Erdoğan'ın dili mi sürçtü?..

"ABD hatırası" fotoğraf karelerinin magazin yorumlarının dışına çıkalım.

ABD seyahatinin öncesinde yapılan efelenmelerin yerinde yeller estiğini gördük. Bahse konu noktalama işaretlerinin hepsini ayağı ile ezdi Trump. Bizlere de kapı önü karşılama ve ağırlama pışpışlarının geyiğini yapmak, buradan büyük zafer destanları yazmak kaldı!.. Bundan sonra da "göbeği kim, nasıl, kesecek" sorusuna cevap arayacağız herhalde. ABD'nin noktayı koyduğu belli. Hem de ne nokta!.. Biz gazetecilere, görüşmenin perde arkasını araştırma zahmetini bile bırakmadılar.

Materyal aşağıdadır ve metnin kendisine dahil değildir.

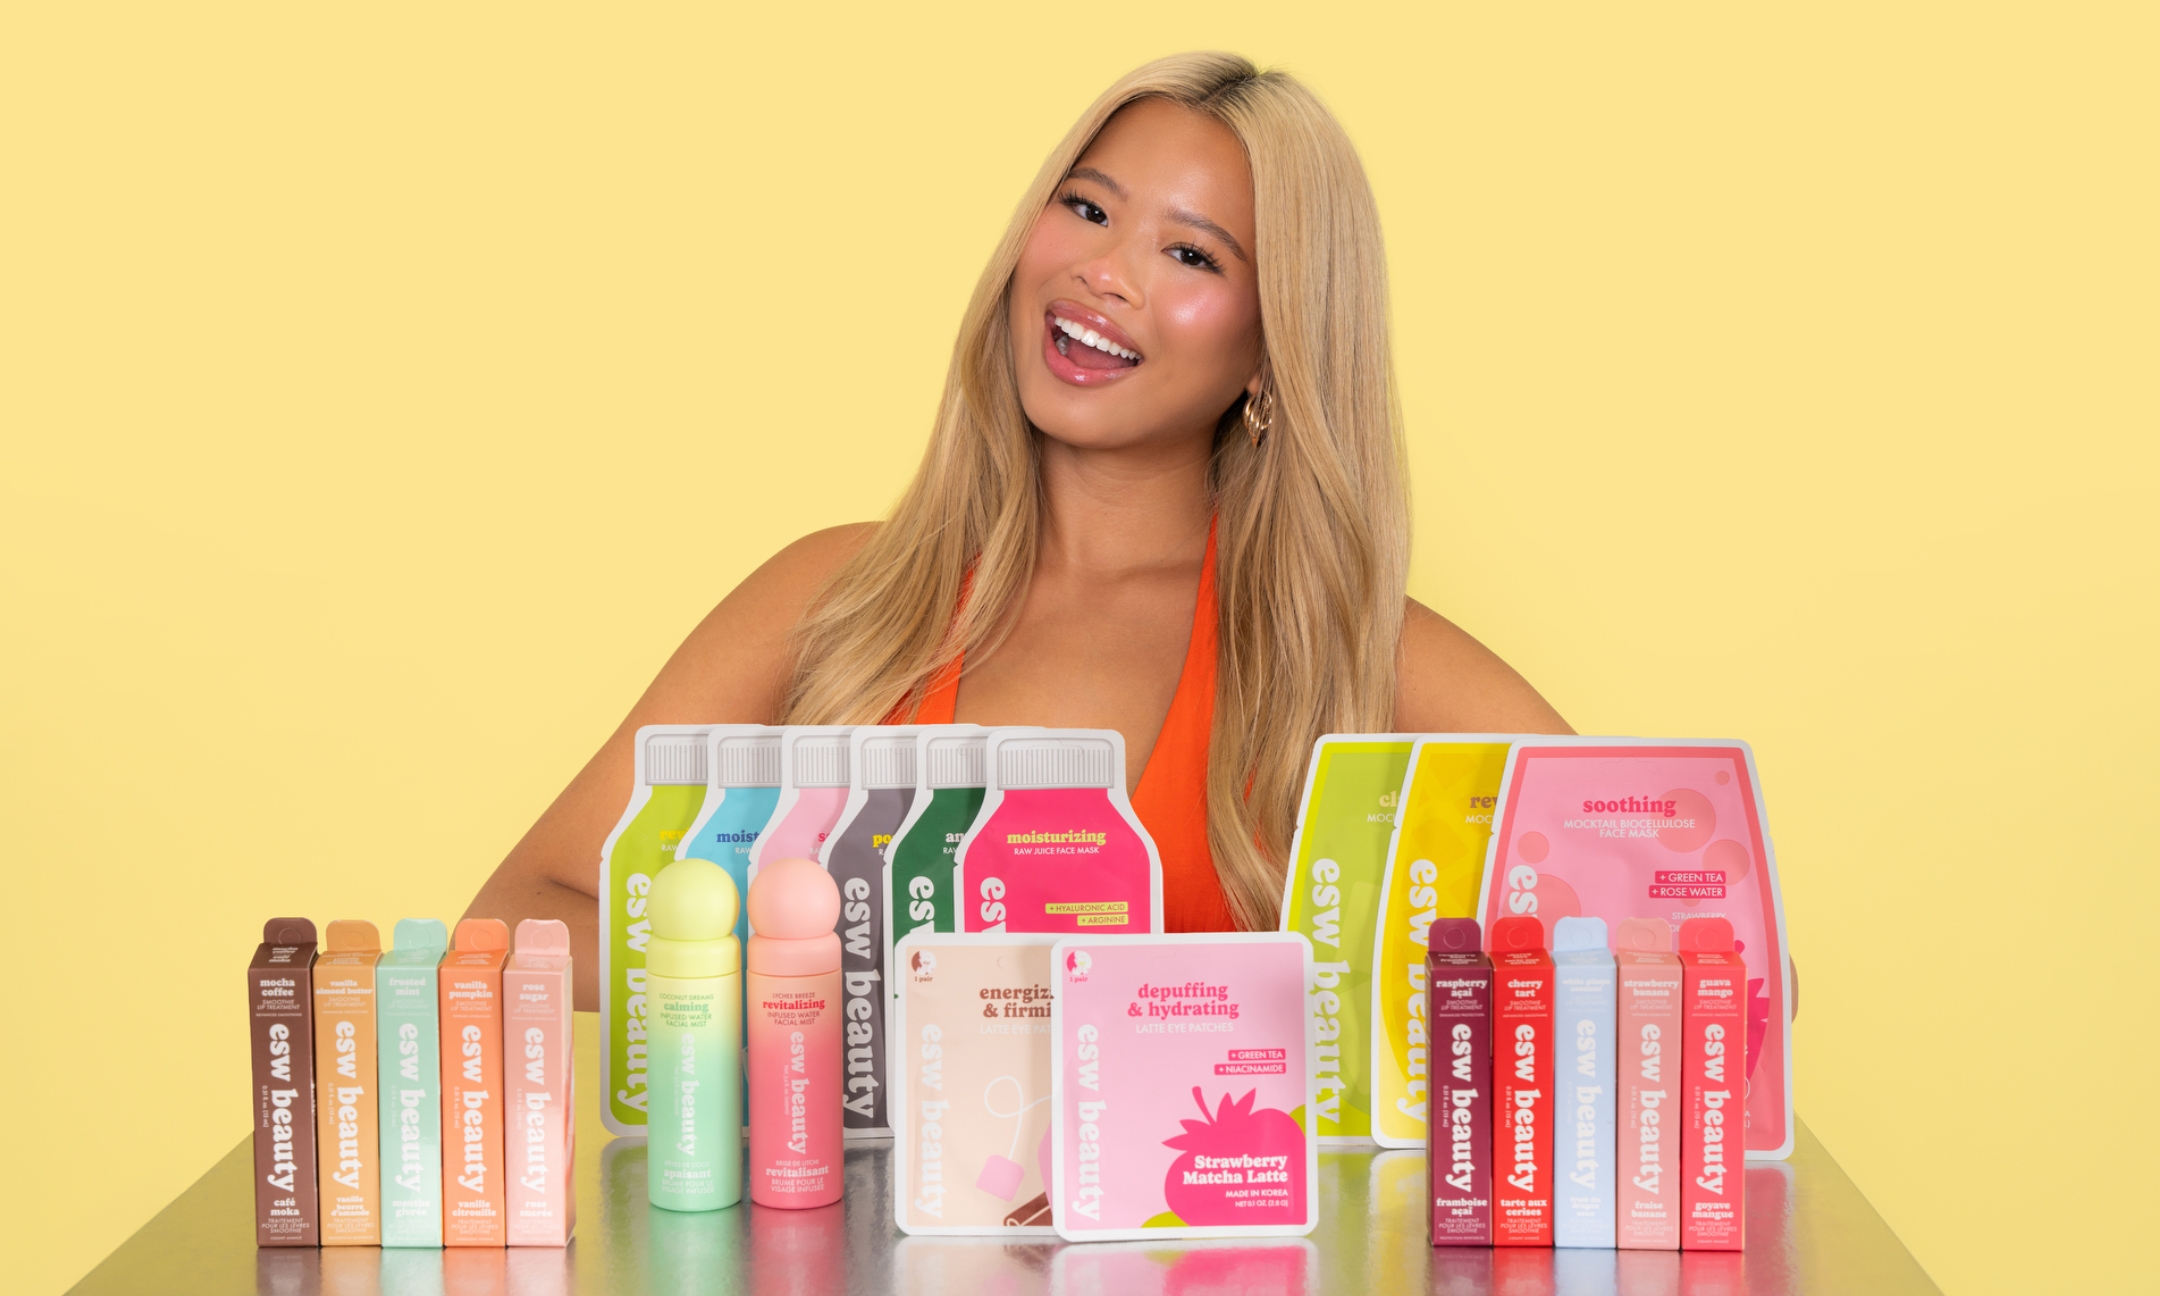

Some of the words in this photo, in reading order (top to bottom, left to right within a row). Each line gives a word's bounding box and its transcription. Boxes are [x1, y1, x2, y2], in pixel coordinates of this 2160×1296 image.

"Tarihi zirvenin" gerçek görülmesi sonucuna geçmeden önce bir kavramın tanımını hatırlatmam gerekir;

Angajman kuralları: Geniş anlamda diplomaside tarafların ilişkilerini yürütürken kullandıkları prosedürleri ifade eder. Askeri anlamda ise bir ülkenin başka bir ülkenin hava sahasını ihlal etme veya ülke topraklarında oluşacak bir tehdide karşı yapılacak askeri tepkinin şartlarıdır. Yani, ülkeler, devletler ve ordular arasıdır.

Şimdi, dönelim, R. Erdoğan'ın Trump görüşmesinden sonra Türkiye'ye dönmeden kabin ekibi gazetecilere yaptığı değerlendirmelerden gazete manşetlerine taşınan başlığa ve içeriğe. Hürriyet gazetesinden aynen alıntılıyorum:

"Erdoğan net mesaj verdi:

YPG'den saldırı olursa hiç kimseye sormadan angajmanı uygularız.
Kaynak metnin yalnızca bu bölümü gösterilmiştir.